Transitions—when patients move from one care setting to another—represent a state of vulnerability for both the patient and the healthcare organization. Patients need referrals to the most appropriate provider in a timely, seamless fashion so they get the level of care they need. If patients leave the network, it could result in revenue leakage for the provider organization.
I’ve heard healthcare leaders estimate that between 20-30% of their patients ultimately leave their network during a transition of care. This renders the care team less able to ensure patients get the best possible care—and less able to track patient progress and monitor follow-up.
Plus, it means missed revenue opportunities. When patients see out-of-network ambulatory or post-acute providers, healthcare networks are unable to capture the revenue that would otherwise be associated with patient care.
There are downstream financial effects, too. When patients leave healthcare networks, providers can’t be sure patients are following their care plan, which can be costly. The risk of preventable hospital readmissions increases, for example, which can result in significant financial penalty. CMS penalized 2,610 hospitals this year for avoidable readmissions. And that means CMS will reduce payments for every Medicare patient stay—not only for those patients who are readmitted.
Fully integrated referral management with CareInMotion™ Precision Transitions of Care
Precision Transitions of Care is a component of Allscripts’ innovative CareInMotion platform, designed to address specific population health management priorities.
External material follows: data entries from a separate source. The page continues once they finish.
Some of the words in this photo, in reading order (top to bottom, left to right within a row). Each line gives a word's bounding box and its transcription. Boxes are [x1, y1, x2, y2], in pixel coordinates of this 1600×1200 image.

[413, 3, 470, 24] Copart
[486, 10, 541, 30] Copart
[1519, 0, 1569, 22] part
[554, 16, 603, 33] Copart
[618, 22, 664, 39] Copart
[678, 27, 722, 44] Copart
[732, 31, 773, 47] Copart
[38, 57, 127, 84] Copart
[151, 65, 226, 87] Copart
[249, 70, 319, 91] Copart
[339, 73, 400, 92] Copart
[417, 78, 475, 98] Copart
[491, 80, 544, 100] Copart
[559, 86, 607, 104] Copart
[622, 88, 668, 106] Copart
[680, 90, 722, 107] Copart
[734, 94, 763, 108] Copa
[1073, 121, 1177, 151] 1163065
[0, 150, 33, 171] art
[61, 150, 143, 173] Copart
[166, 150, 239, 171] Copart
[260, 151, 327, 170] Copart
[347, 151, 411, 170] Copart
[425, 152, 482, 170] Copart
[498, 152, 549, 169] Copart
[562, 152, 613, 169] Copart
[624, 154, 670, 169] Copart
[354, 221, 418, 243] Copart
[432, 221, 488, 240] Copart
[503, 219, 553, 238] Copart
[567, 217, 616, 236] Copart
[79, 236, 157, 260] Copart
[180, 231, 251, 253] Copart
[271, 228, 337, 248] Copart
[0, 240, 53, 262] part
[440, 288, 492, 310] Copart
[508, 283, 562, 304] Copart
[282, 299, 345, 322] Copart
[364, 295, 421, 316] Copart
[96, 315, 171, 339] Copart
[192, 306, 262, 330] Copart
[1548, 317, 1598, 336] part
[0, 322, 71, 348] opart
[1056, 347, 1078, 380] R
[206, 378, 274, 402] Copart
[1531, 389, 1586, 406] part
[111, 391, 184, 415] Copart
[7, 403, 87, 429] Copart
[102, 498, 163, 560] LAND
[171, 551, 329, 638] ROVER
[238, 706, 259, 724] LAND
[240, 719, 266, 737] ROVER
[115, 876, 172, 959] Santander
Precision Transitions of Care helps clinicians in three primary ways:
1 Manage referrals across the entire organization – acute-to-post-acute, acute-to-ambulatory and ambulatory-to-ambulatory – within a single workflow.
2 Direct patients to the next phase of their care, keeping them within provider networks to minimize leakage.
3 Reduce preventable readmissions, ensure care is aligned across settings and enable optimization of resources.
A powerful combination of proven Allscripts solutions is at the heart of Precision Transitions of Care, a modular solution set that can adapt to different strategies. It draws from the capabilities of Allscripts Care Management™, which facilitates 12 million annual referrals, or 27% of electronic acute/post-acute referrals in the United States. It incorporates the industry’s leading ambulatory-to-ambulatory referral management platform, par8o. It also includes Allscripts Care Director™, to help manage high-risk patients while capturing data to measure improvements in the care process and patient outcomes, and Allscripts EPSi™ for financial decision support data to optimize provider networks.
Clients see results very quickly after adopting these solutions to more closely manage their referrals. For example, a Pennsylvania medical center has been using the ambulatory referral management capabilities from Allscripts. Within 10 months, the organization reported more than 28,000 referrals, a 216% increase in referral volume. More than 61% of those referrals required follow-up action. The organization also reduced the amount of time needed to contact referrals by 93%.